Eben erhalte ich Milne Edwards Physiol. et anat. comp. Vol. X. und XI. I. Ein rein vor 30 Jahren geschriebenes Buch, es ist schauderhaft, was die Welt sich bieten läßt!

Die hiesigen Abonenten halten sich sehr über das Hertwigsche Supplement auf, und als ich neulich einem großen Manne bemerkte: wenn der Autor seine Arbeit in 10 zusammenhangslosen Aufsätzen publicirt hätte, so hättet ihrs ruhig verschluckt, erhielt ich zur Antwort: „man will eben verschiedene Artikel!“ Also das zusammenhängende macht üble Meinung; Indigestion hätte ich bald gesagt, wenn da überhaupt || etwas digerirt würde.
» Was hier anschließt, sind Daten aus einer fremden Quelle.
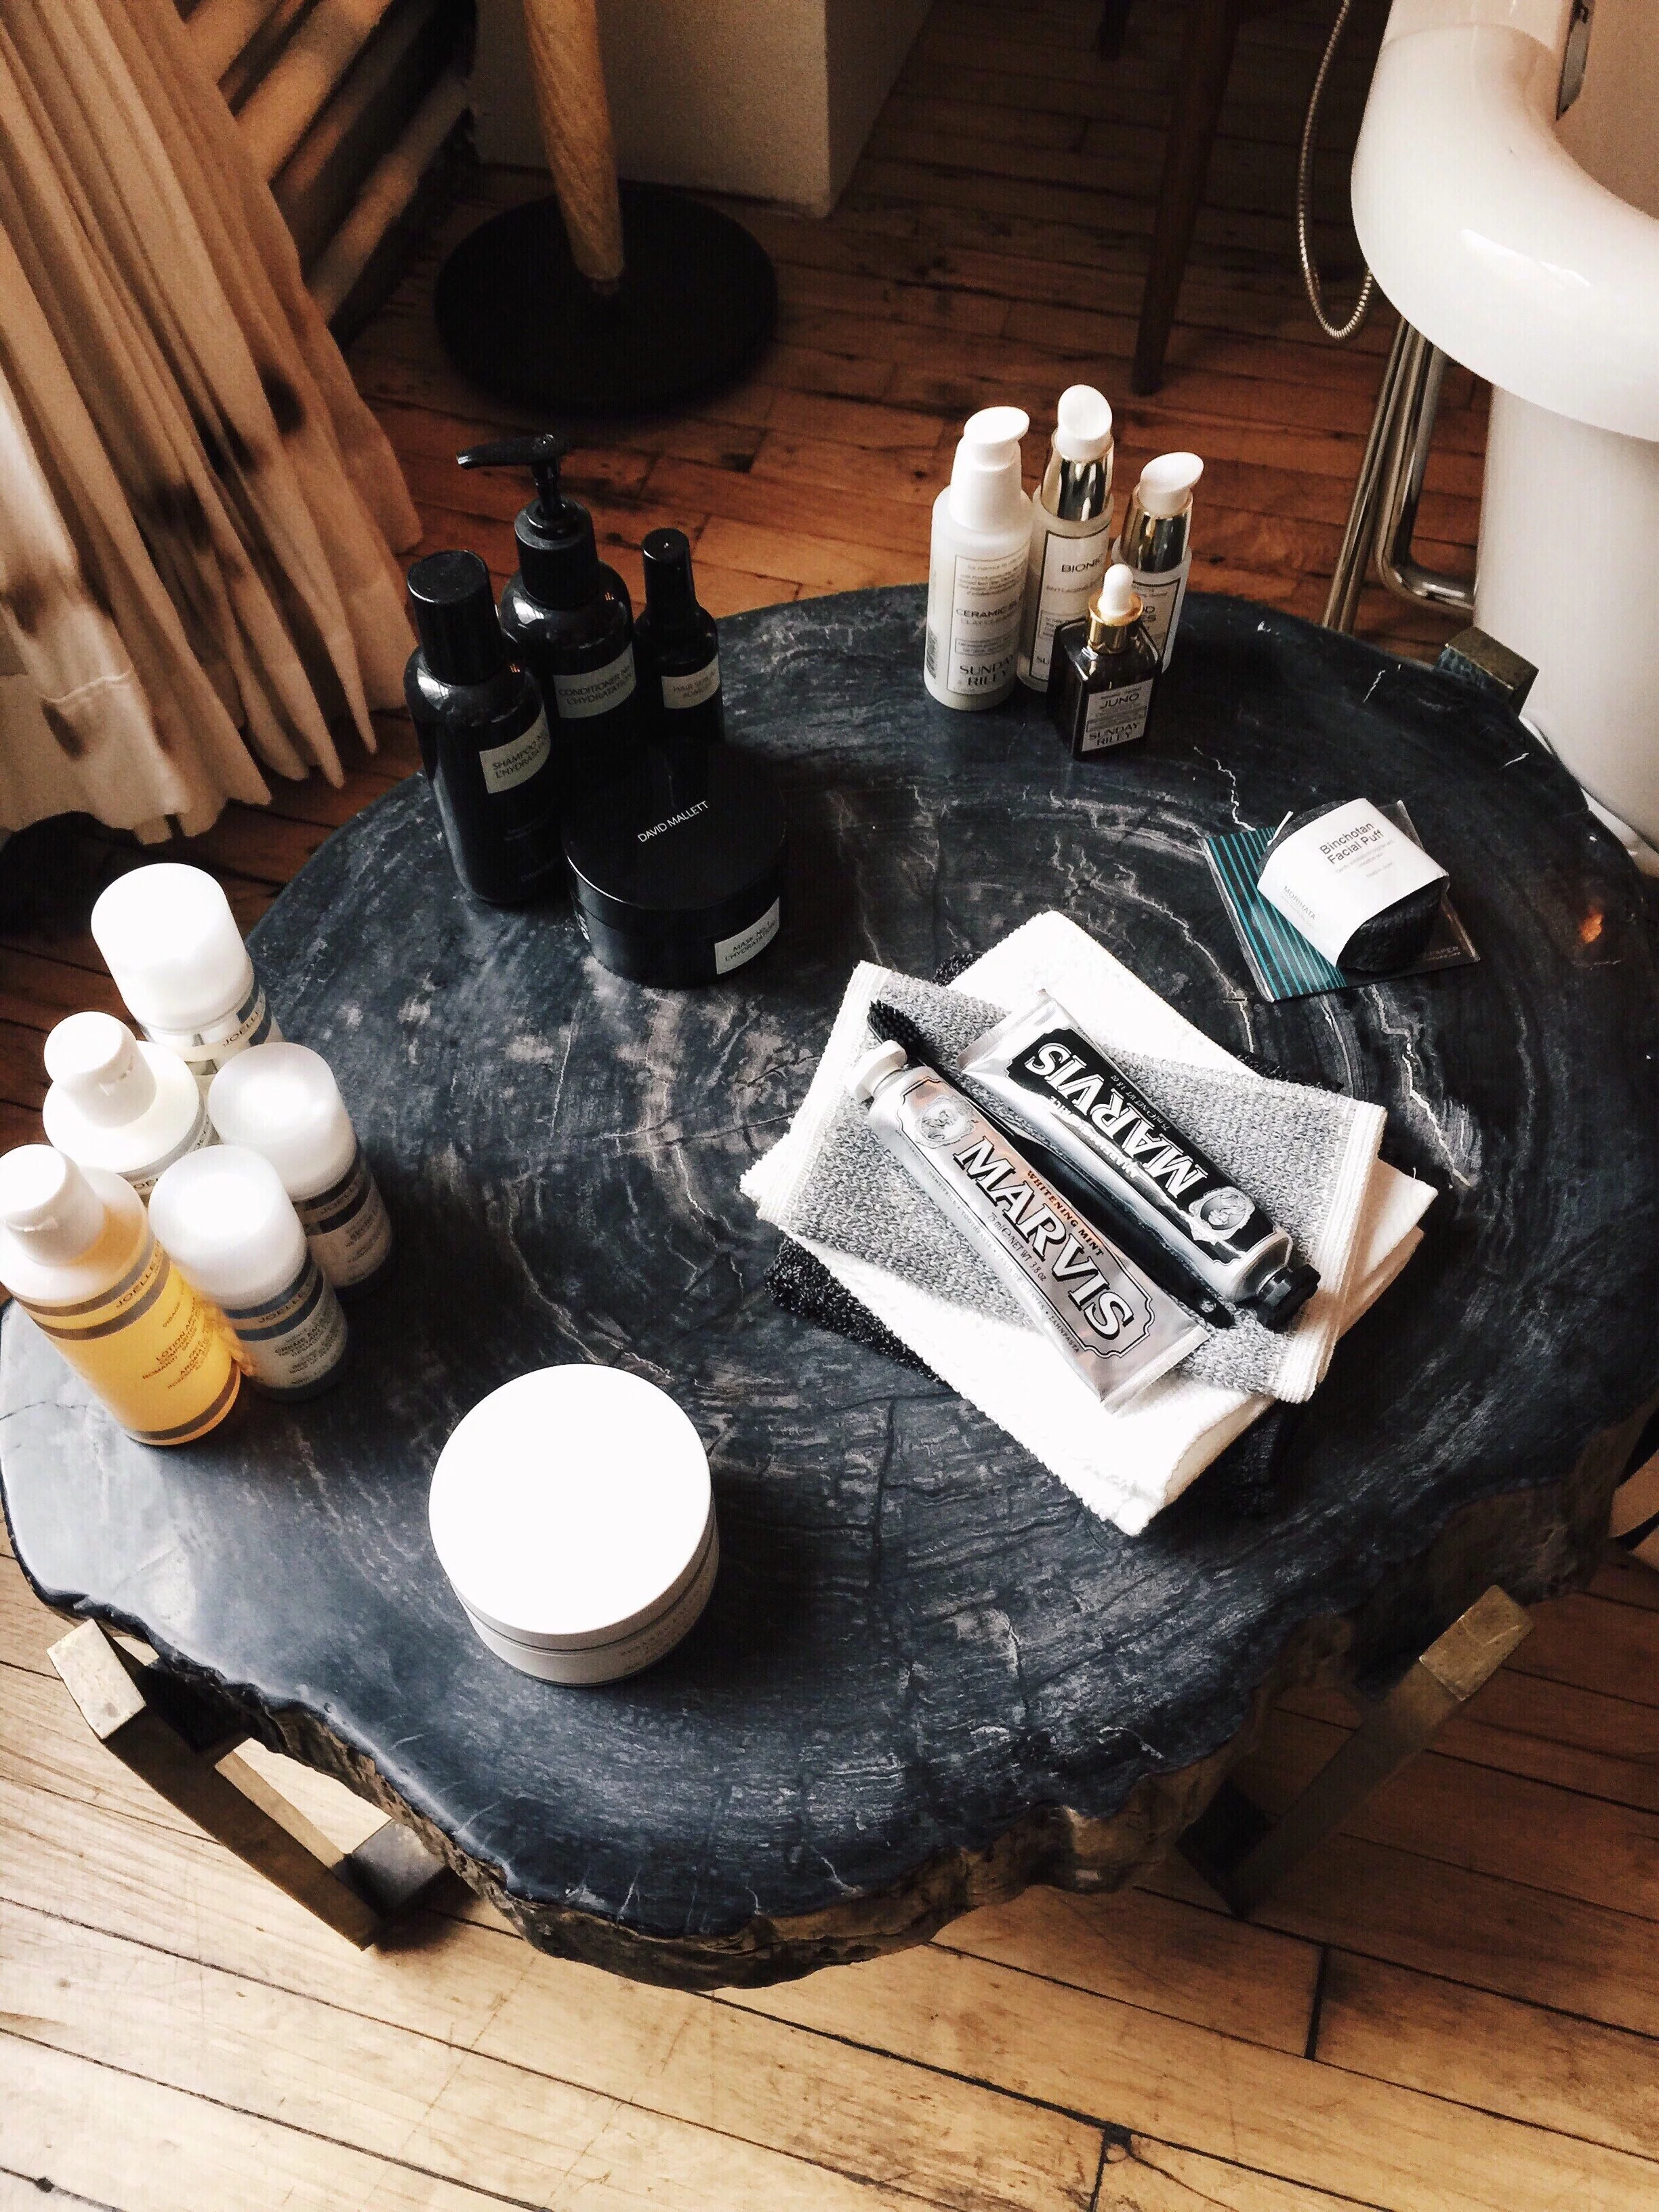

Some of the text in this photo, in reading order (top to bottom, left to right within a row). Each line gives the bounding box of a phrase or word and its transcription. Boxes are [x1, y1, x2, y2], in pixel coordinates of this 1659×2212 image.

Ich habe viel zu thun, und sehne mich sehr nach den Ferien. Vorher aber werde ich Dich noch sehen, und mich sehr freuen, besonders wenn Du es möglich machst, mindestens einen ganzen Tag hier zu bleiben. Es ist jetzt seit Wochen recht gutes Wetter hier, und die Landschaft ist auch ohne Grün reizend.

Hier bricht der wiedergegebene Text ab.